*EXERCISE DESCRIPTION*
Please repeat every record below exactly as written, but leave out the pictures.

(Stored data entries)
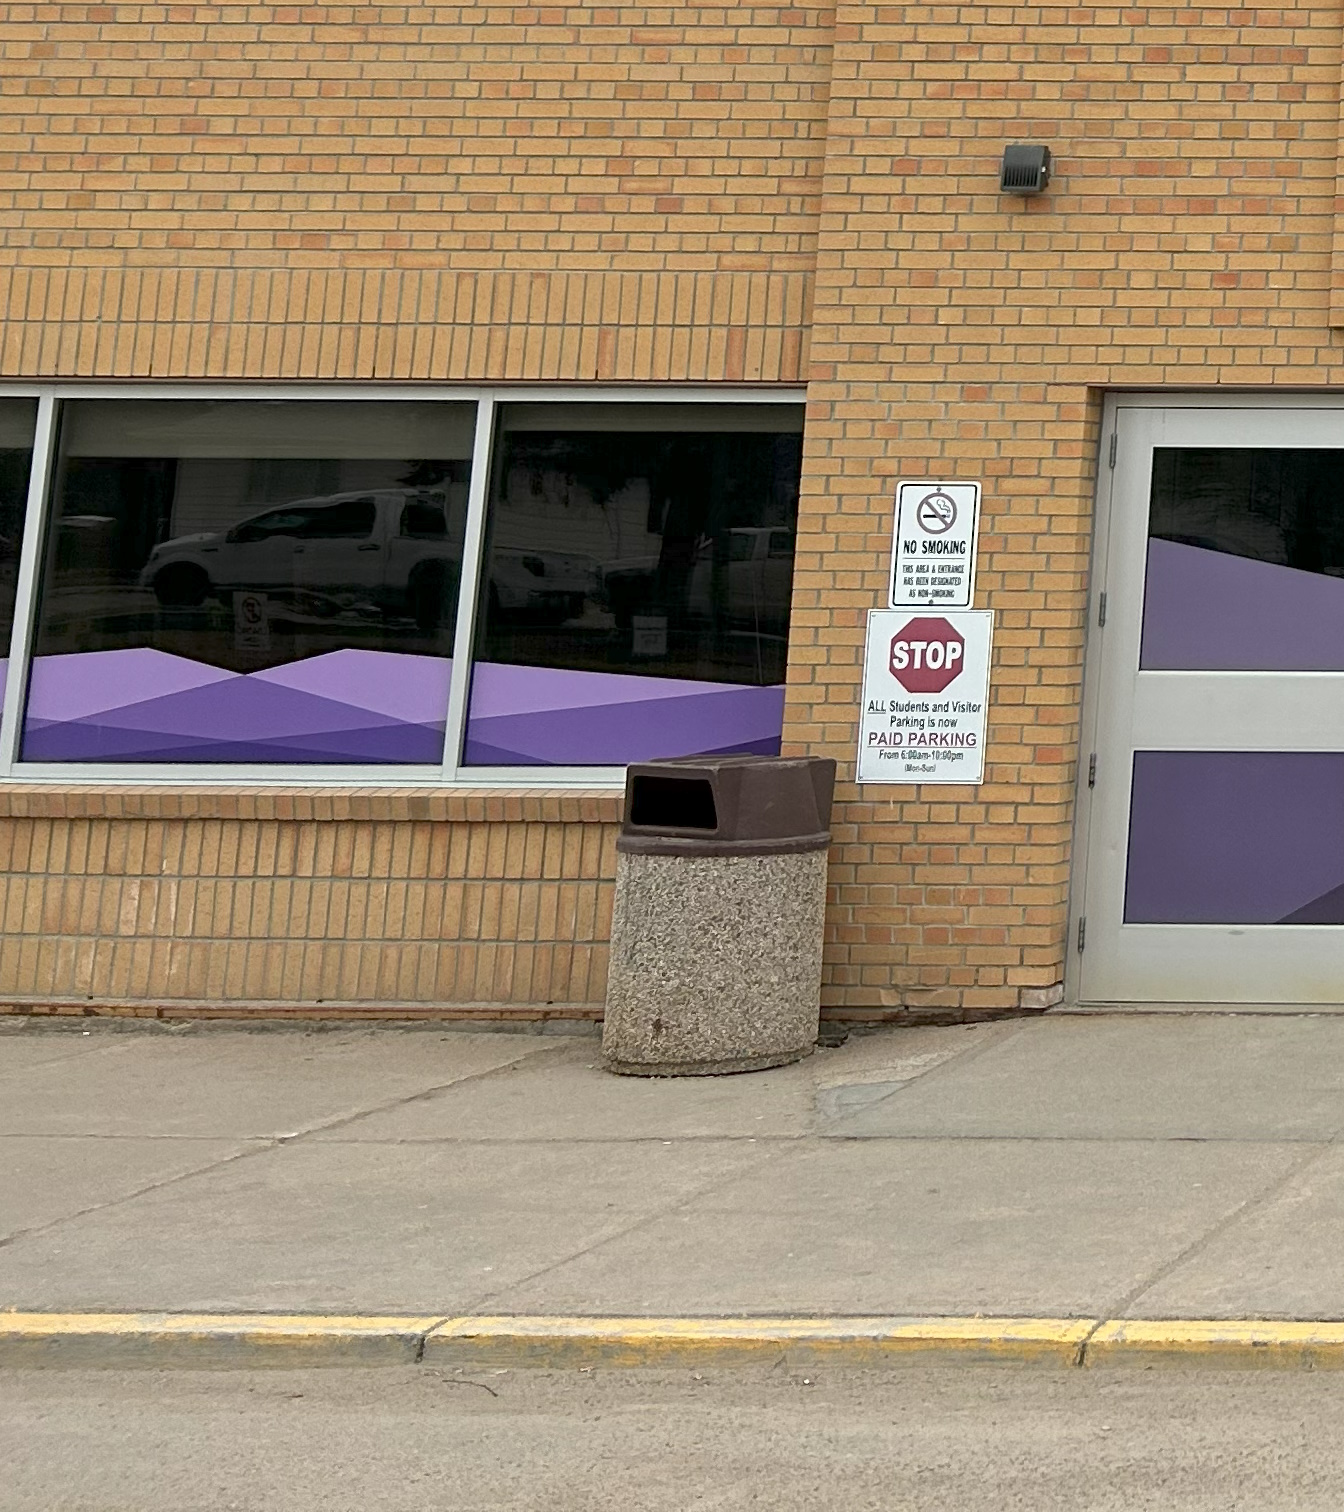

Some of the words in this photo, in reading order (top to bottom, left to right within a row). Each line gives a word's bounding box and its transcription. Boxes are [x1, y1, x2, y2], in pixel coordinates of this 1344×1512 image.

[903, 539, 917, 554] NO
[921, 540, 966, 554] SMOKING
[902, 565, 914, 573] THIS
[915, 565, 930, 573] AREA
[931, 565, 936, 573] &
[937, 565, 965, 573] ENTRANCE
[903, 577, 914, 586] HAS
[915, 577, 930, 586] BEEN
[930, 577, 962, 586] DESIGNATED
[909, 589, 916, 598] AS
[917, 589, 955, 598] NON-SMOKING
[892, 640, 962, 670] STOP
[867, 700, 886, 712] ALL
[889, 700, 930, 713] Students
[932, 701, 950, 713] and
[952, 701, 982, 713] Visitor
[890, 715, 925, 730] Parking
[928, 716, 936, 728] is
[938, 718, 958, 728] now
[868, 732, 903, 745] PAID
[907, 732, 977, 747] PARKING
[879, 749, 899, 760] From
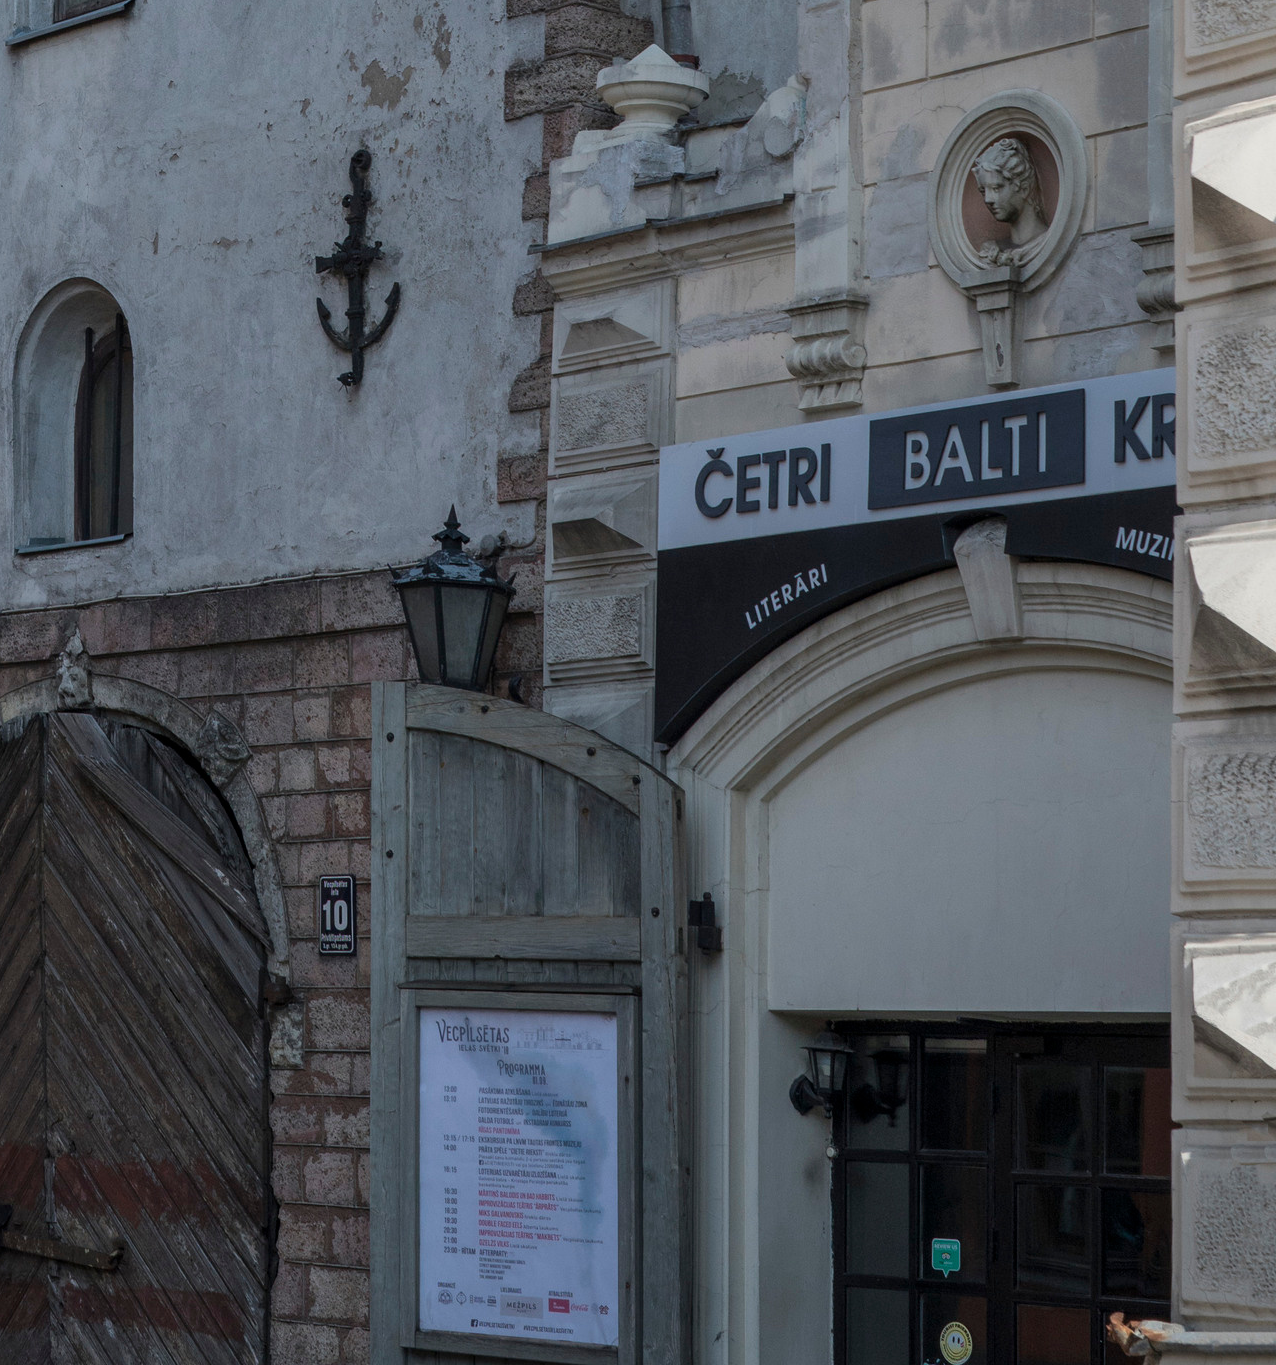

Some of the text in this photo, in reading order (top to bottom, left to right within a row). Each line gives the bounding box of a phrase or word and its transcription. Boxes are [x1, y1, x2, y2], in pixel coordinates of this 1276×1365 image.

[694, 443, 831, 519] ČETRI
[904, 411, 1048, 491] BALTI
[744, 563, 829, 630] LITERĀRI
[322, 899, 348, 931] 10
[458, 1045, 476, 1053] IELAS
[478, 1045, 500, 1053] SVĒTKI
[444, 1085, 457, 1093] 13:00
[444, 1095, 456, 1103] 13:10
[494, 1117, 514, 1125] FUTBOLS
[506, 1301, 537, 1310] MEŽPILS

*ANSWER SPACE*
Some of the words in this photo, in reading order (top to bottom, left to right within a row). Each line gives a word's bounding box and its transcription. Boxes are [x1, y1, x2, y2], in pixel coordinates of this 1344×1512 image.

[903, 539, 917, 554] NO
[921, 540, 966, 554] SMOKING
[902, 565, 914, 573] THIS
[915, 565, 930, 573] AREA
[931, 565, 936, 573] &
[937, 565, 965, 573] ENTRANCE
[903, 577, 914, 586] HAS
[915, 577, 930, 586] BEEN
[930, 577, 962, 586] DESIGNATED
[909, 589, 916, 598] AS
[917, 589, 955, 598] NON-SMOKING
[892, 640, 962, 670] STOP
[867, 700, 886, 712] ALL
[889, 700, 930, 713] Students
[932, 701, 950, 713] and
[952, 701, 982, 713] Visitor
[890, 715, 925, 730] Parking
[928, 716, 936, 728] is
[938, 718, 958, 728] now
[868, 732, 903, 745] PAID
[907, 732, 977, 747] PARKING
[879, 749, 899, 760] From

Some of the text in this photo, in reading order (top to bottom, left to right within a row). Each line gives the bounding box of a phrase or word and its transcription. Boxes are [x1, y1, x2, y2], in pixel coordinates of this 1276×1365 image.

[694, 443, 831, 519] ČETRI
[904, 411, 1048, 491] BALTI
[744, 563, 829, 630] LITERĀRI
[322, 899, 348, 931] 10
[458, 1045, 476, 1053] IELAS
[478, 1045, 500, 1053] SVĒTKI
[444, 1085, 457, 1093] 13:00
[444, 1095, 456, 1103] 13:10
[494, 1117, 514, 1125] FUTBOLS
[506, 1301, 537, 1310] MEŽPILS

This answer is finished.